Spadek PKB również w pierwszym kwartale 2021 r. oznaczałby recesję techniczną. - Póki co nic nie wskazuje na to, żeby techniczna recesja nie objęła pierwszego kwartału obecnego roku, w szczególności zważywszy utrzymujące się restrykcje, a nawet ponownie zaostrzone w województwie warmińsko-mazurskim - stwierdził analityk z PKO BP.
Powrót na ścieżkę wzrostu gospodarczego jest uzależniony przede wszystkim od tempa „powrotu do normalności” w kontekście pandemii. - Zaszczepienie najbardziej wrażliwej części populacji będzie oznaczać, że ryzyko kolejnych lockdownów wyraźnie zmaleje, co pozwala pozostać optymistycznym na dalszą część roku.

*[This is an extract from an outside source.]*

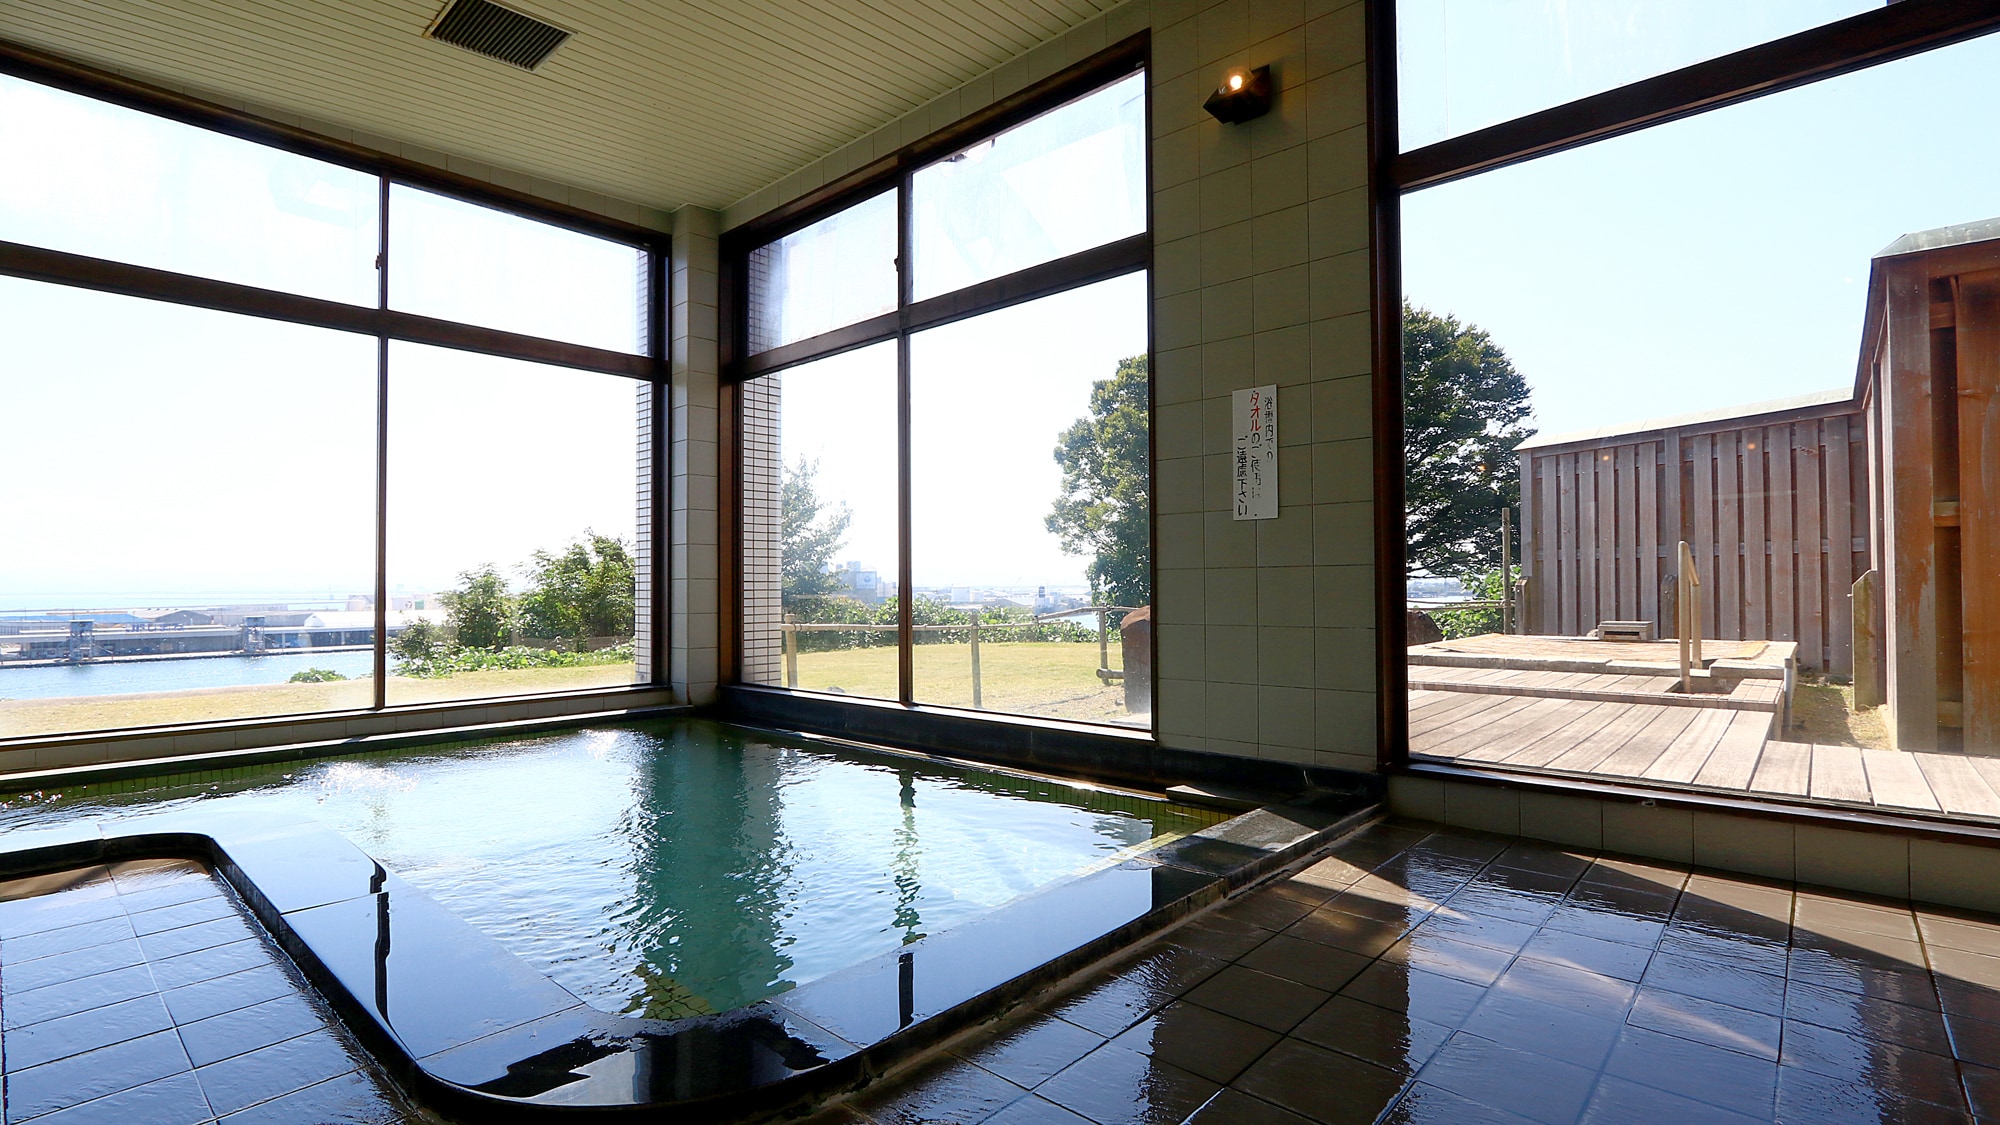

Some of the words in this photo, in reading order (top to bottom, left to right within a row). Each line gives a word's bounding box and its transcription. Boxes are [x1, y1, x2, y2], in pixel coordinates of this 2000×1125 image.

Jeżeli powrót do normalności nastąpiłby na przełomie wiosny/lata to będziemy mogli zobaczyć solidny wzrost PKB (wciąż oczekujemy 5,1 proc. rok do roku w całym roku) - podsumował specjalista.
Odbicie PKB, choć nieco mniejsze, przewidują także ekonomiści z Pekao. „Prognozujemy wyhamowanie rocznego tempa spadku PKB do 1,5 proc. W całym 2021 cały czas szansa na wzrost gospodarczy w okolicach 4,5 proc.”, czytamy we wpisie analityków na Twitterze.